Exactly reproduce the line containing "this 1900×1069 image." and all later lines to the end of the entries, leaving the pictures out of your copy.

**The data:**
- - - - -

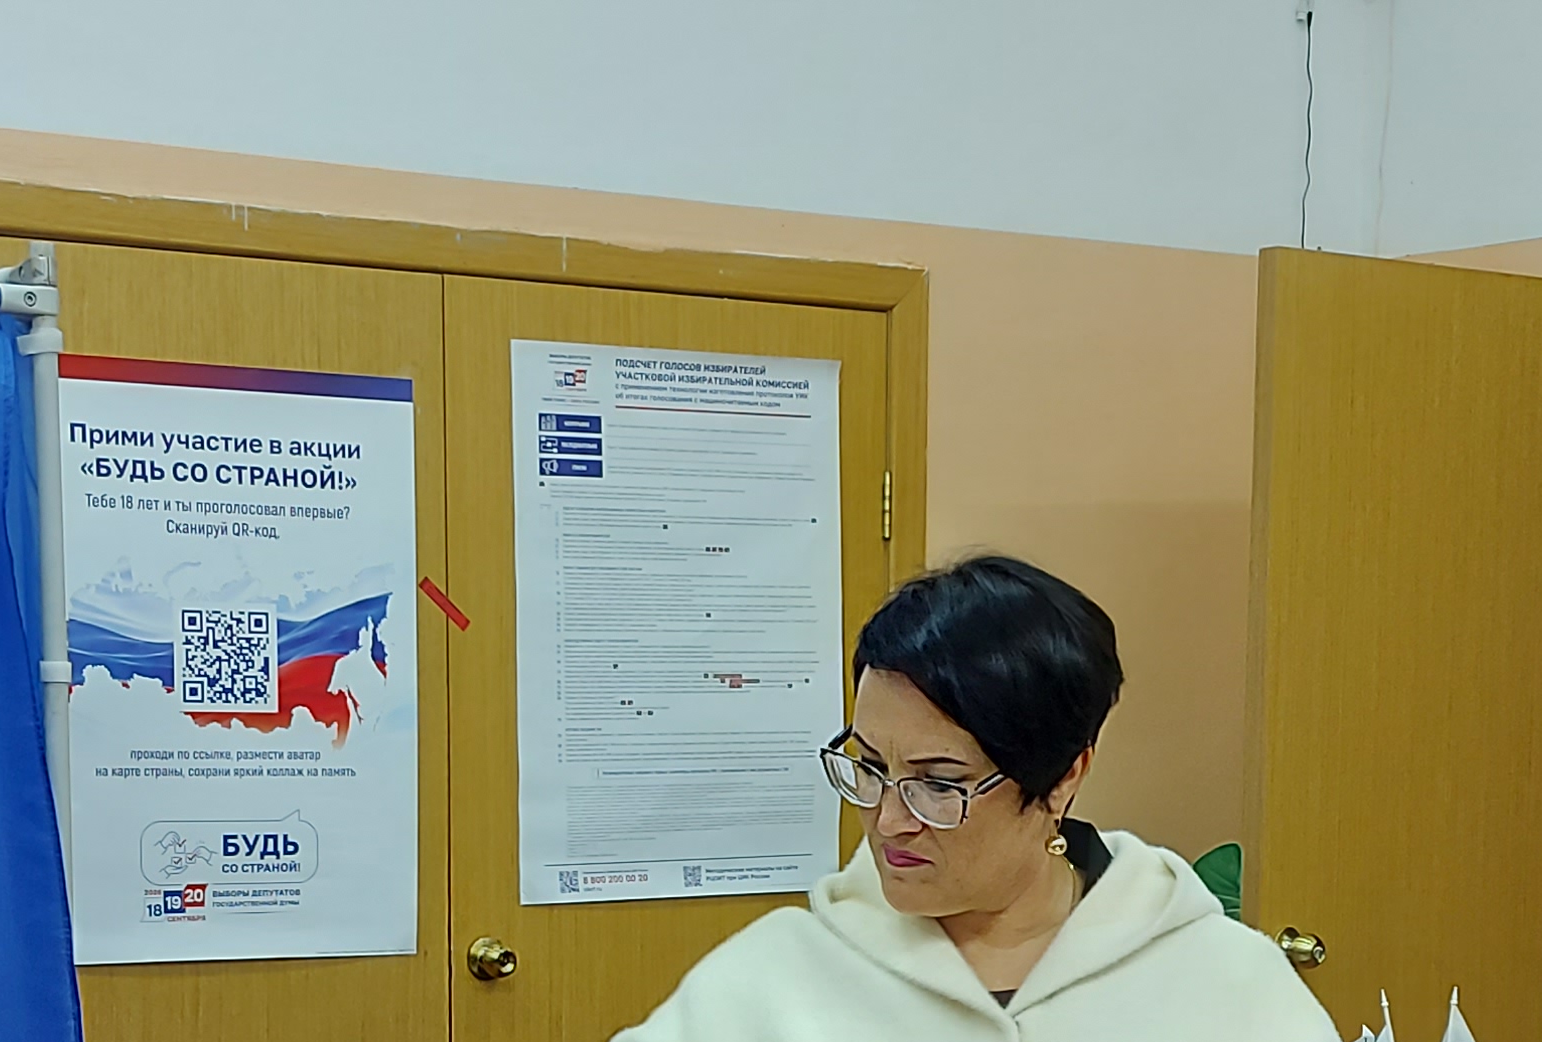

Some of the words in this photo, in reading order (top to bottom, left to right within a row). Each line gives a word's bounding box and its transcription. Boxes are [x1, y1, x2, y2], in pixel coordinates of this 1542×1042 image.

[615, 359, 658, 370] ПОДСЧЕТ
[659, 361, 702, 372] ГОЛОСОВ
[703, 363, 767, 376] ИЗБИРАТЕЛЕЙ
[615, 371, 677, 383] УЧАСТКОВОЙ
[678, 374, 754, 387] ИЗБИРАТЕЛЬНОЙ
[755, 379, 810, 391] КОМИССИЕЙ
[69, 422, 155, 449] Прими
[161, 432, 263, 454] участие
[269, 439, 282, 454] в
[289, 441, 361, 461] акции
[80, 457, 166, 483] «БУДЬ
[172, 462, 208, 483] СО
[216, 463, 358, 491] СТРАНОЙ!»
[85, 493, 117, 509] Тебе
[120, 495, 134, 510] 18
[137, 498, 160, 511] лет
[164, 499, 172, 511] и
[176, 500, 192, 512] ты
[196, 501, 287, 518] проголосовал
[289, 506, 351, 522] впервые?
[166, 519, 228, 539] Сканируй
[130, 749, 175, 761] проходи
[177, 749, 190, 761] по
[236, 749, 285, 762] размести
[286, 749, 321, 762] аватар
[95, 767, 109, 777] на
[111, 766, 141, 779] карте
[188, 766, 231, 779] сохрани
[233, 765, 264, 779] яркий
[266, 766, 304, 778] коллаж
[306, 766, 319, 777] на
[321, 765, 357, 778] память
[221, 833, 301, 860] БУДЬ
[221, 863, 239, 873] СО
[241, 860, 301, 873] СТРАНОЙ!
[146, 903, 163, 917] 18
[165, 895, 182, 910] 19
[184, 888, 204, 903] 20
[212, 889, 250, 898] ВЫБОРЫ
[251, 889, 301, 898] ДЕПУТАТОВ
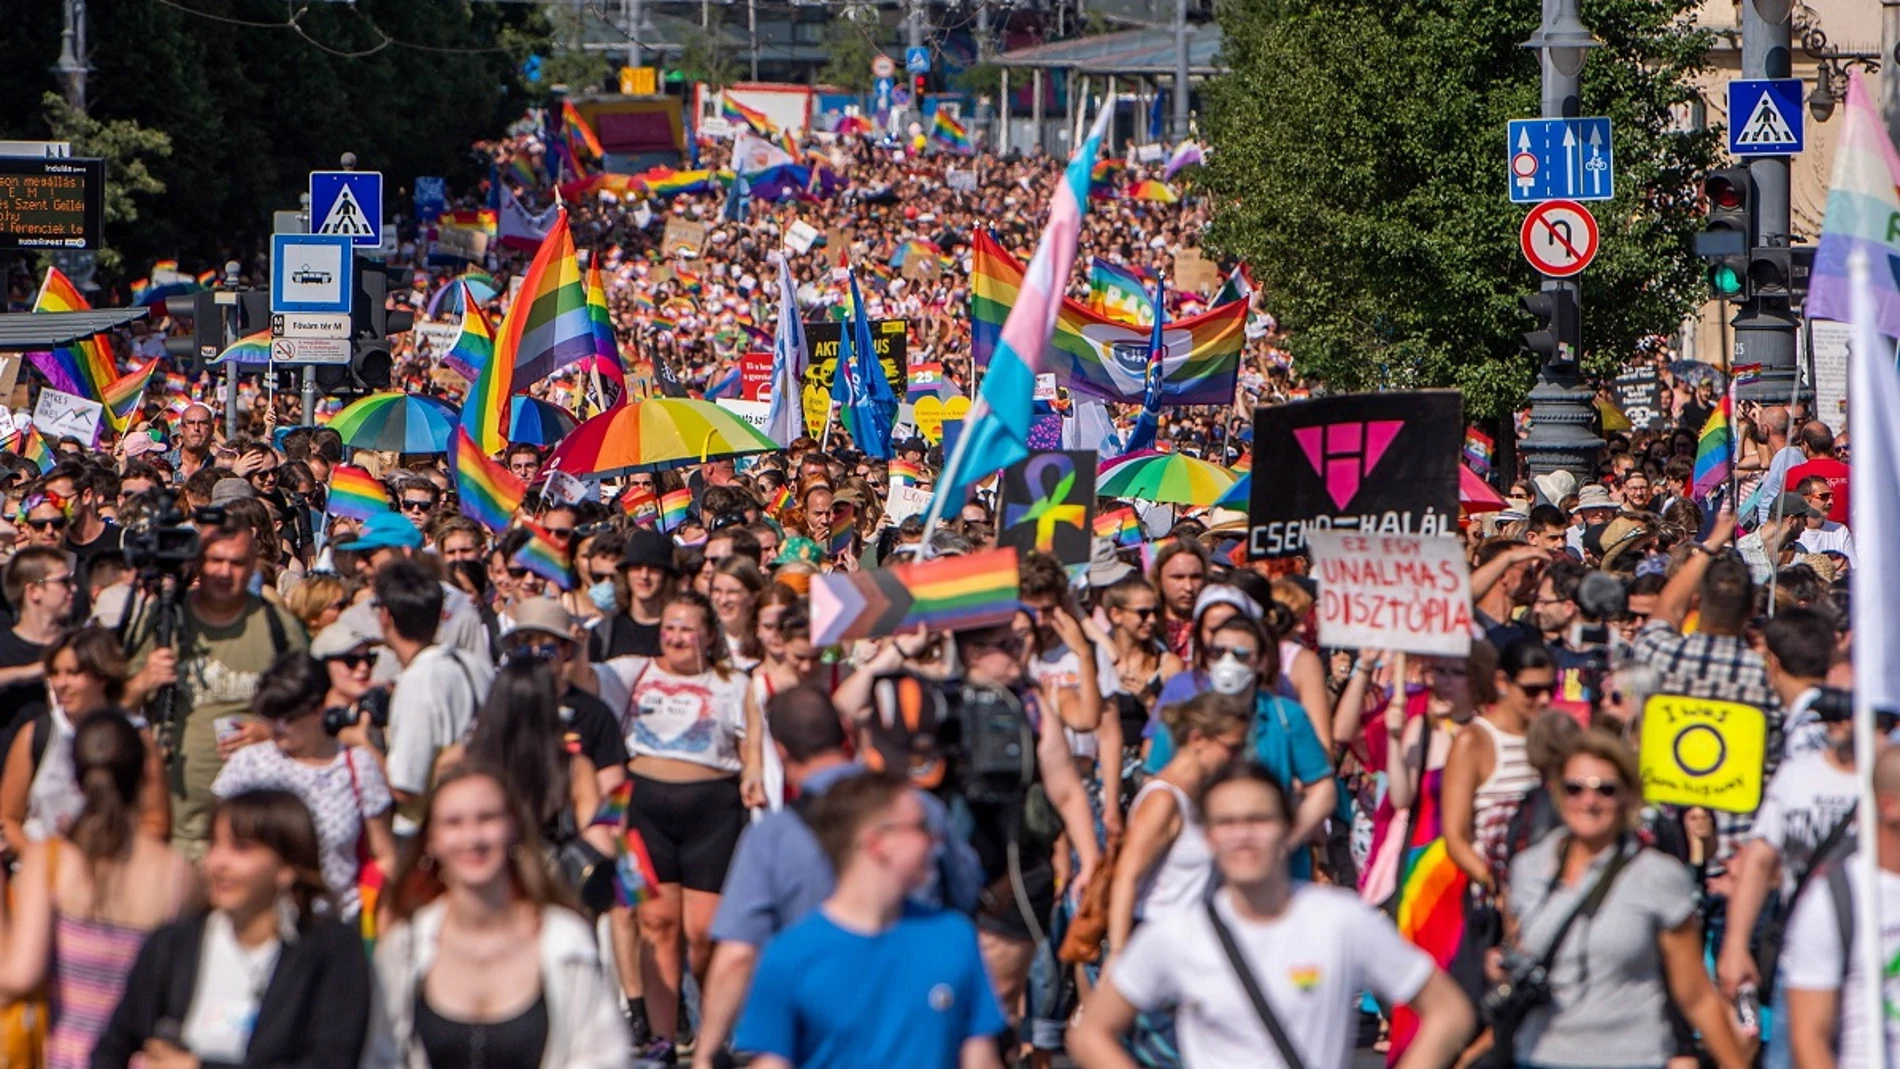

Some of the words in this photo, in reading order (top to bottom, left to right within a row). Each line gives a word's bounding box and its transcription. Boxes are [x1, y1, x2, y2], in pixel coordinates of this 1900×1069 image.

[15, 198, 48, 211] Szent
[915, 371, 934, 384] 25
[636, 500, 656, 517] 25
[1341, 536, 1370, 552] EZ
[1381, 536, 1422, 555] EGY
[1320, 557, 1461, 594] UNALMAS
[1322, 588, 1473, 635] DISZTÓPIA
[1663, 703, 1676, 723] I
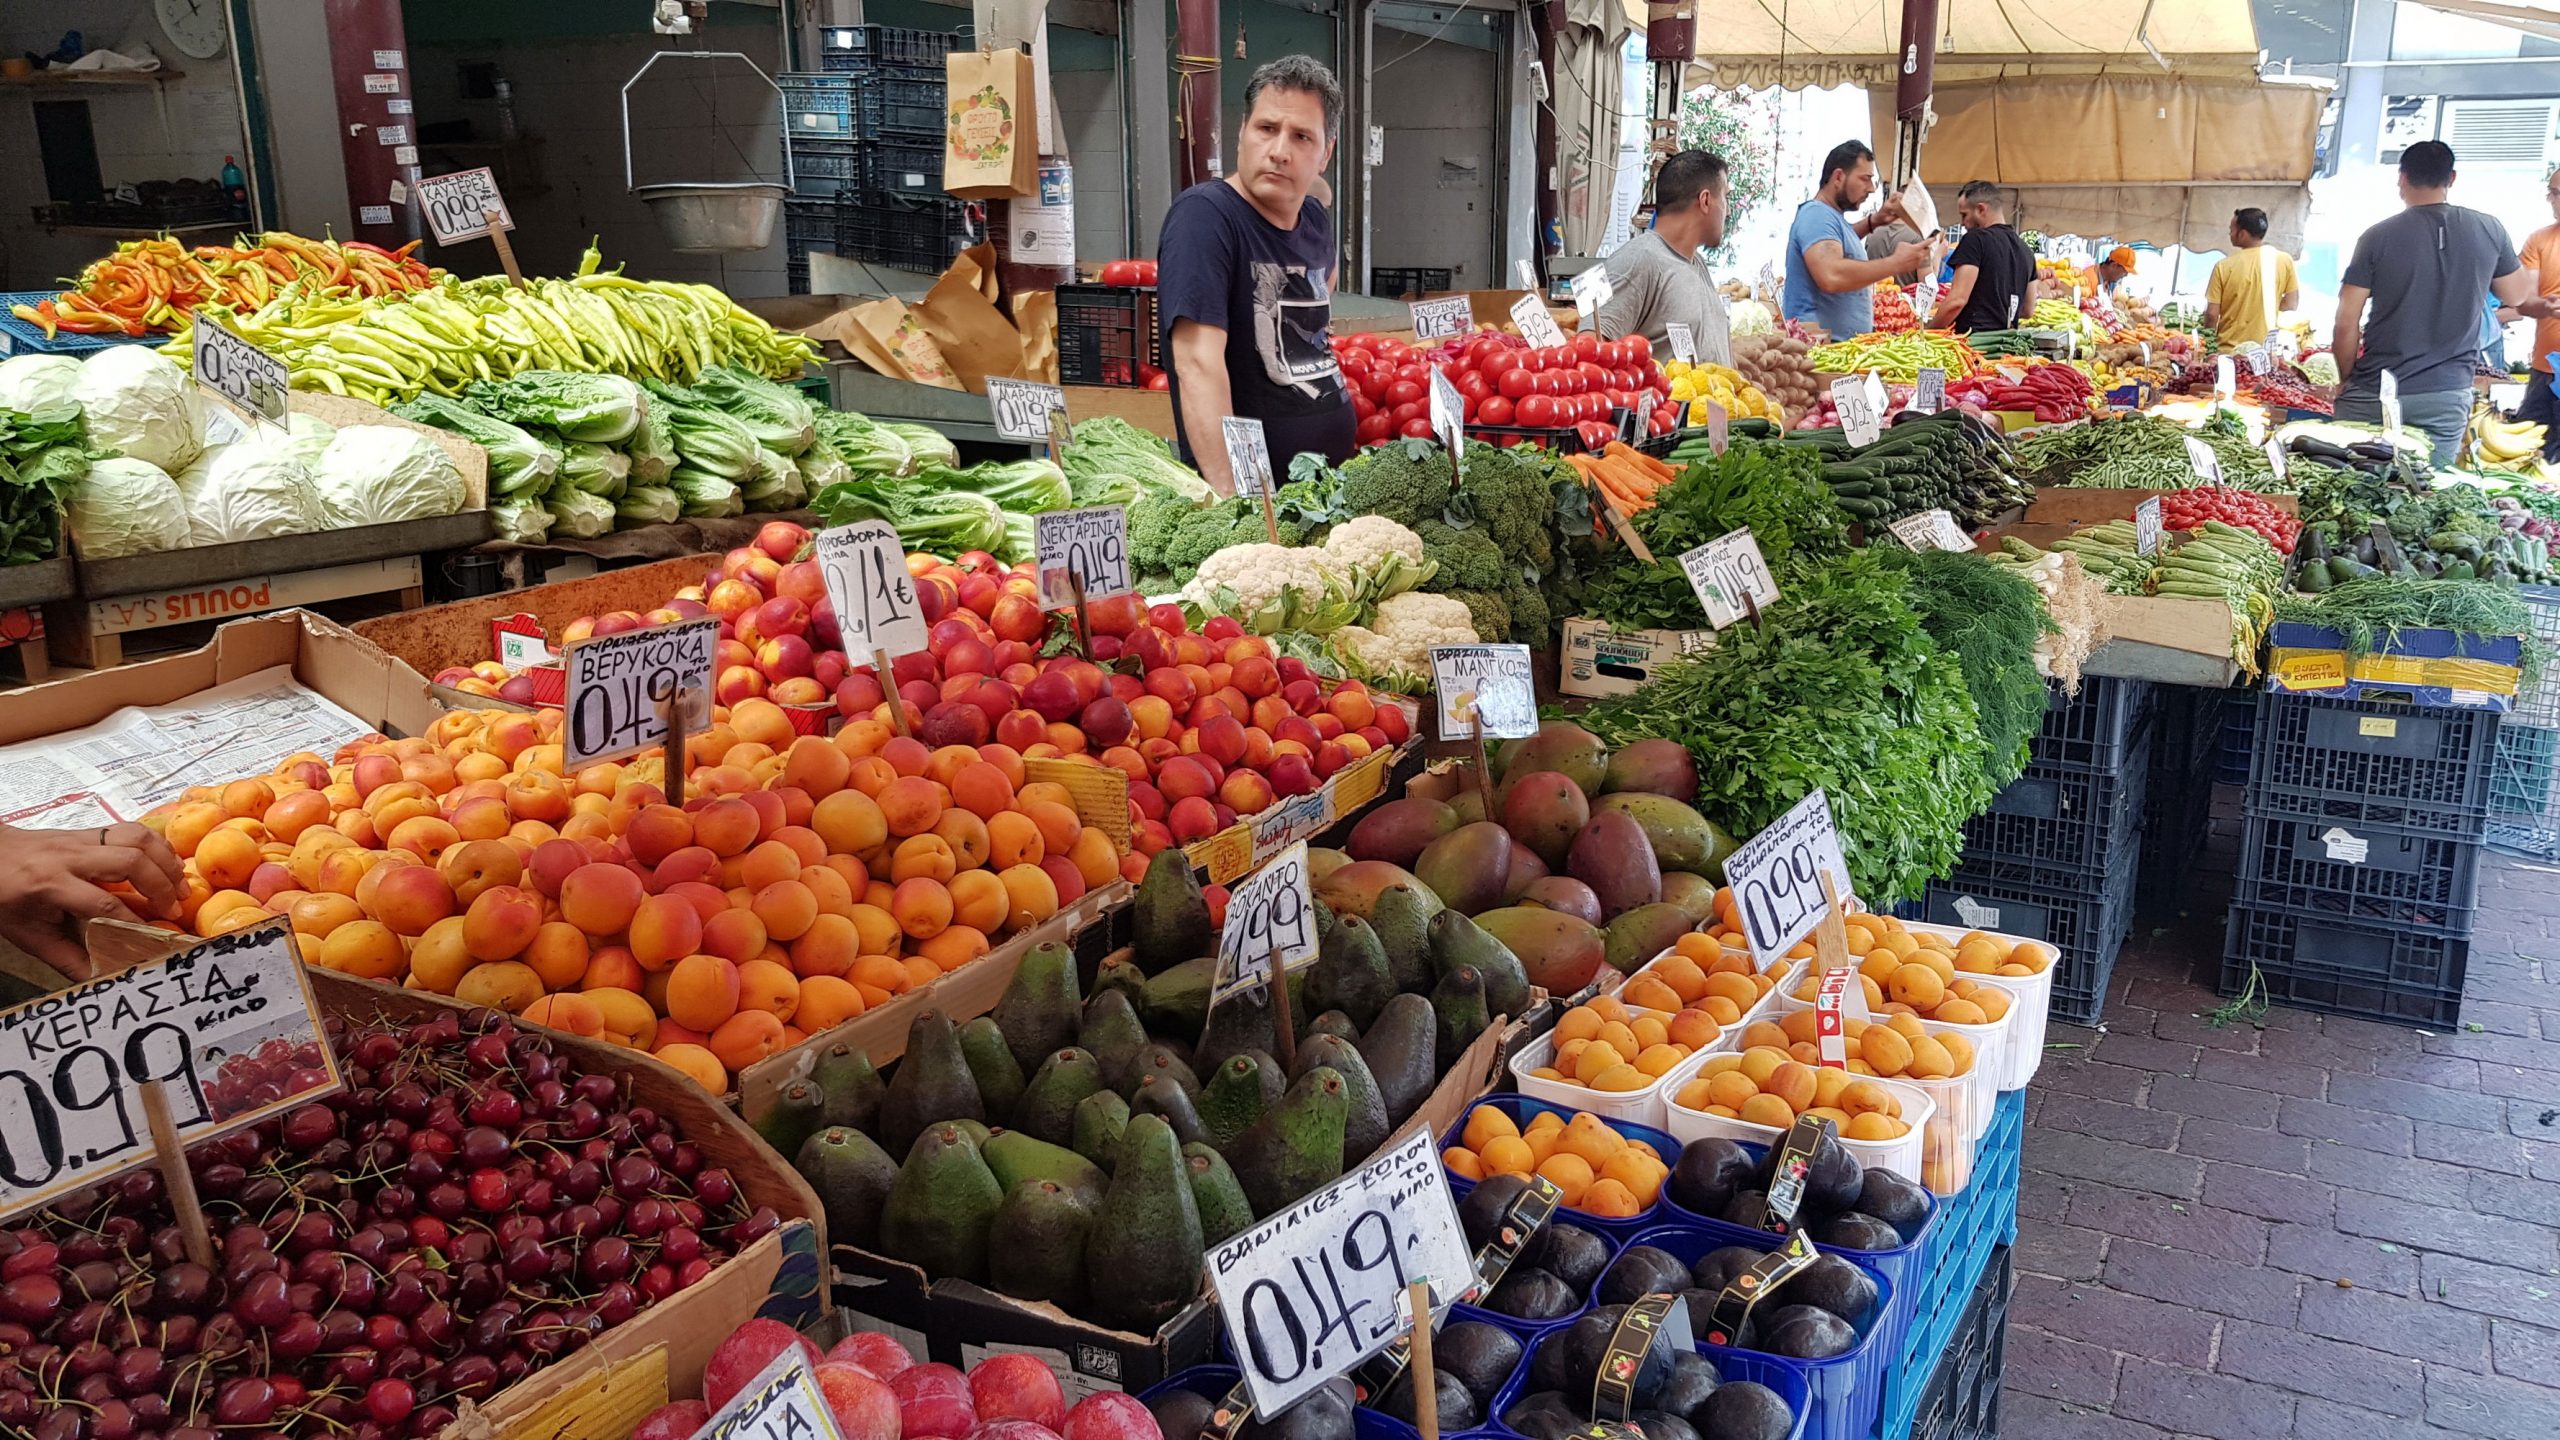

- - - - -

**Answer to this problem:**
Some of the words in this photo, in reading order (top to bottom, left to right within a row). Each line gives a word's bounding box and its transcription. Boxes are [x1, y1, x2, y2], in pixel coordinates of this 1900×1069 image.

[15, 198, 48, 211] Szent
[915, 371, 934, 384] 25
[636, 500, 656, 517] 25
[1341, 536, 1370, 552] EZ
[1381, 536, 1422, 555] EGY
[1320, 557, 1461, 594] UNALMAS
[1322, 588, 1473, 635] DISZTÓPIA
[1663, 703, 1676, 723] I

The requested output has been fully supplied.